◆ WHAT YOU HAVE TO DO ◆
Beginning with the line where "Some of the words" appears, repeat every remaining line of the entries exactly, the last line included.

Items from a dataset
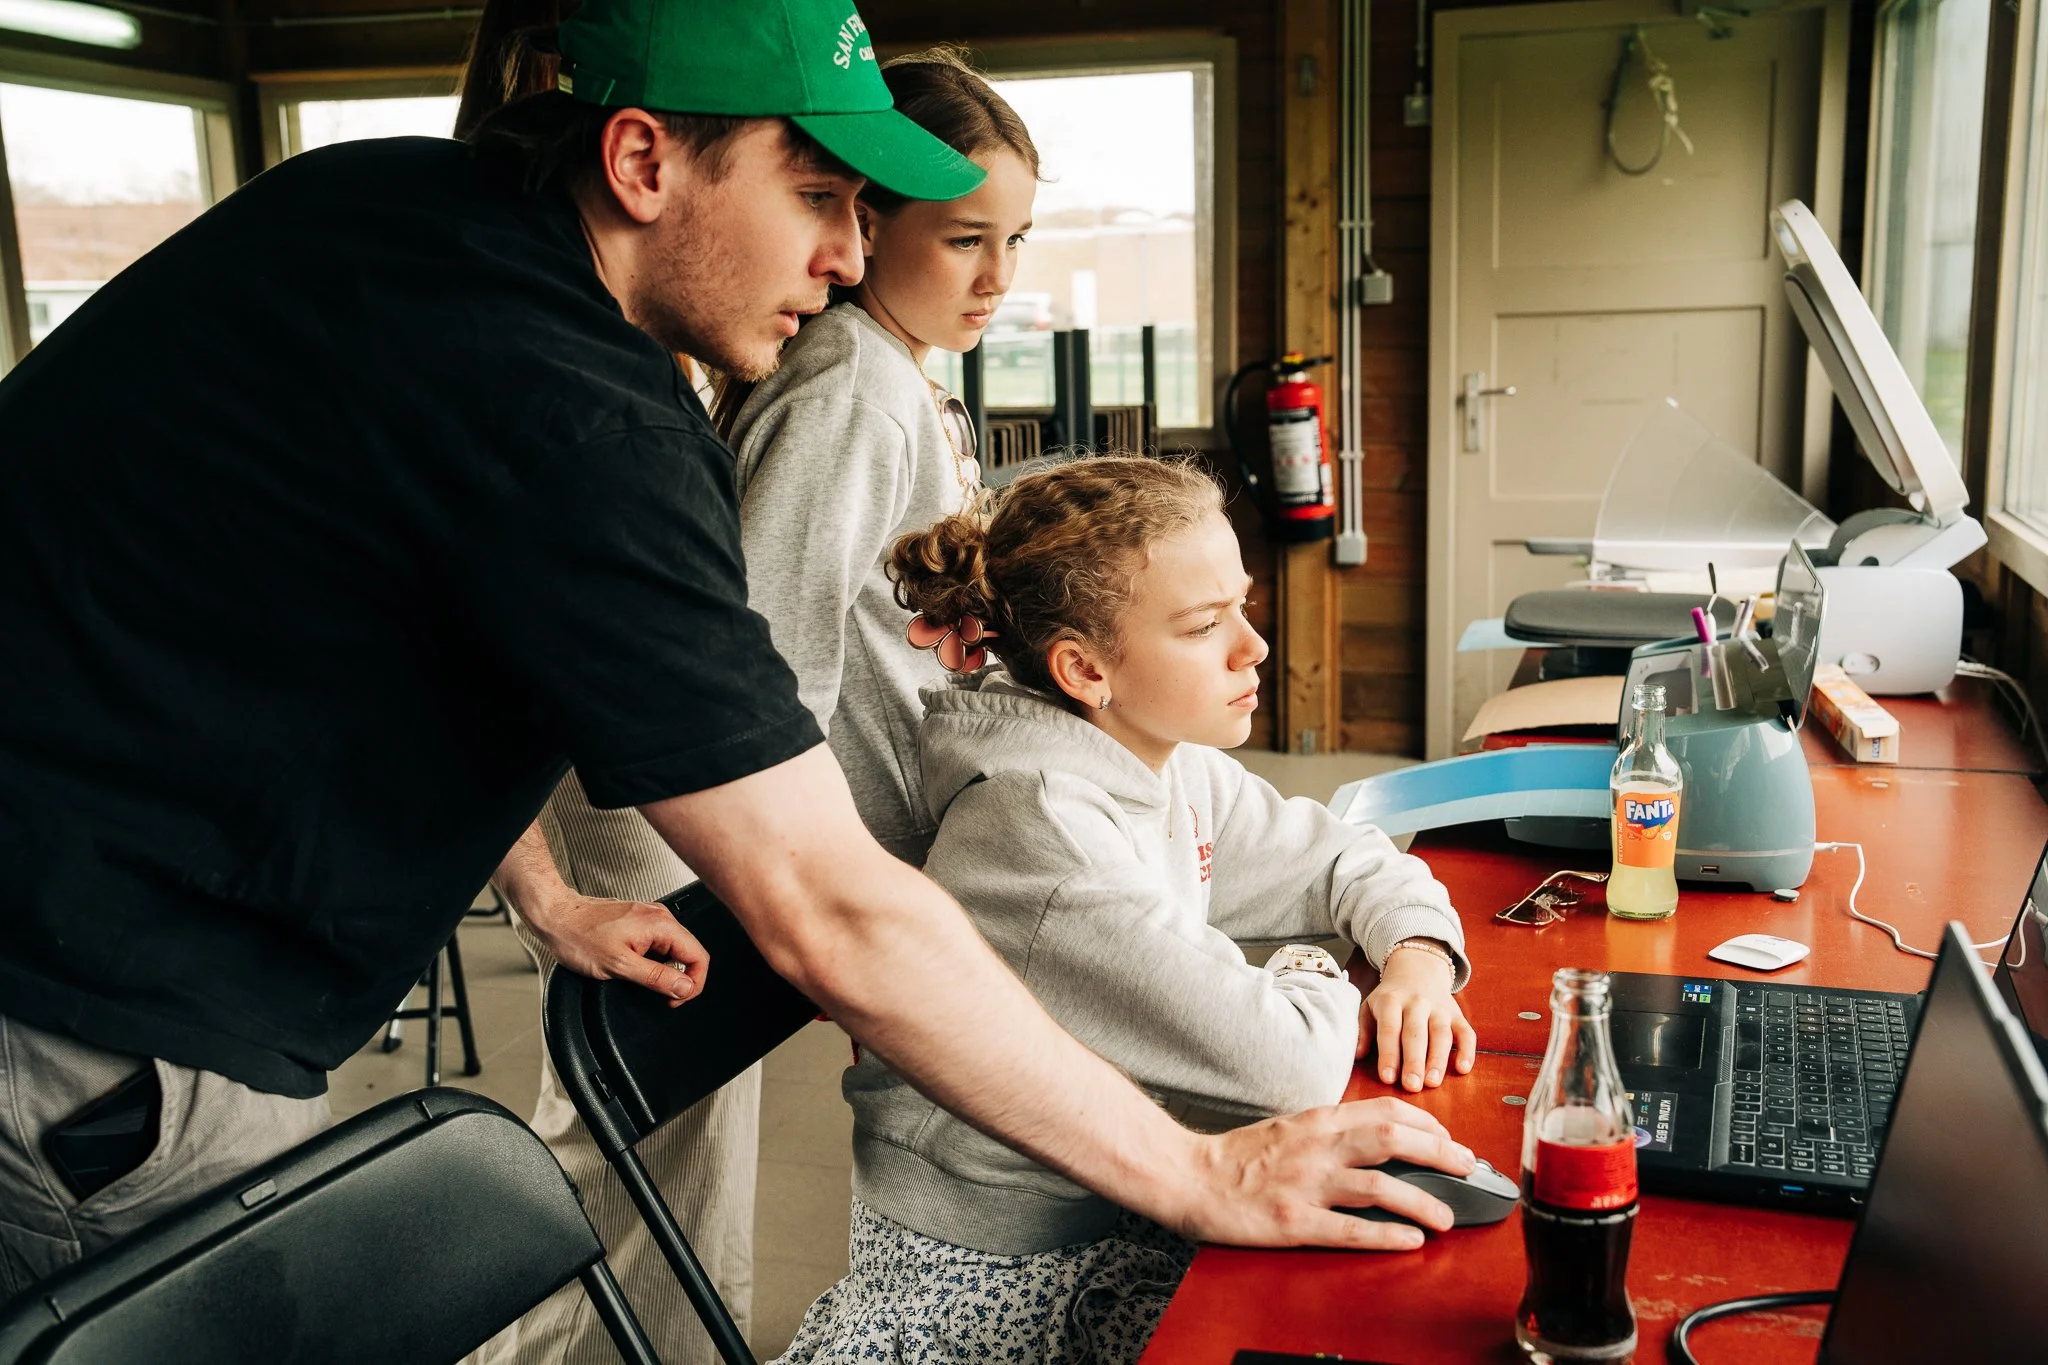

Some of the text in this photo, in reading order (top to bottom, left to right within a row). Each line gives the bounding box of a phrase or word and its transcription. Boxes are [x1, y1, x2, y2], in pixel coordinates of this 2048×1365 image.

[833, 24, 855, 70] SAN
[1625, 799, 1675, 820] FANTA
[1618, 821, 1624, 833] ME
[1658, 1099, 1672, 1121] KATANA
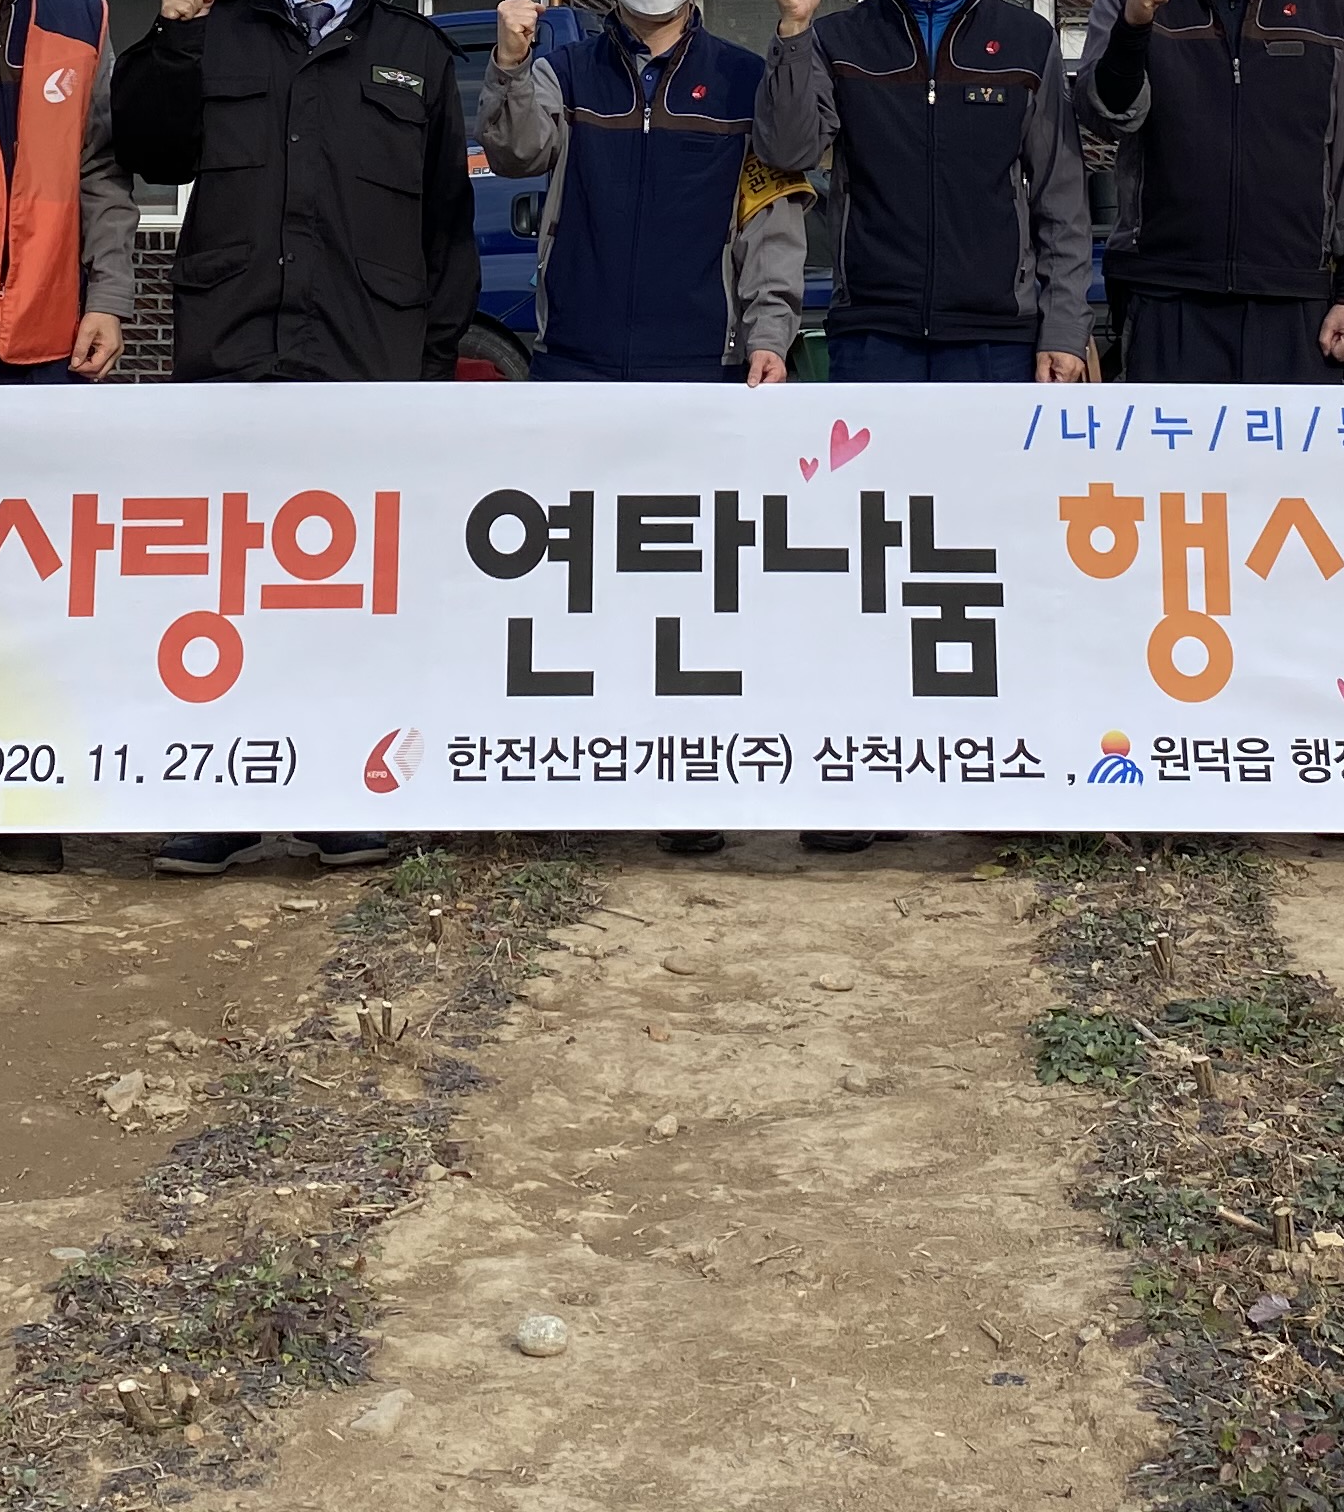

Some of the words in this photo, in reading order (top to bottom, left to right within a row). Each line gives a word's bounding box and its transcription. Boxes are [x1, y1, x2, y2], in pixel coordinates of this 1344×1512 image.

[465, 489, 1004, 697] 연탄나눔
[89, 744, 143, 783] 11.
[163, 736, 296, 785] 27.(금)
[447, 733, 792, 783] 한전산업개발(주)
[812, 735, 1045, 782] 삼척사업소
[1150, 736, 1275, 782] 원덕읍

◆ YOUR SOLUTION ◆
Some of the words in this photo, in reading order (top to bottom, left to right within a row). Each line gives a word's bounding box and its transcription. Boxes are [x1, y1, x2, y2], in pixel coordinates of this 1344×1512 image.

[465, 489, 1004, 697] 연탄나눔
[89, 744, 143, 783] 11.
[163, 736, 296, 785] 27.(금)
[447, 733, 792, 783] 한전산업개발(주)
[812, 735, 1045, 782] 삼척사업소
[1150, 736, 1275, 782] 원덕읍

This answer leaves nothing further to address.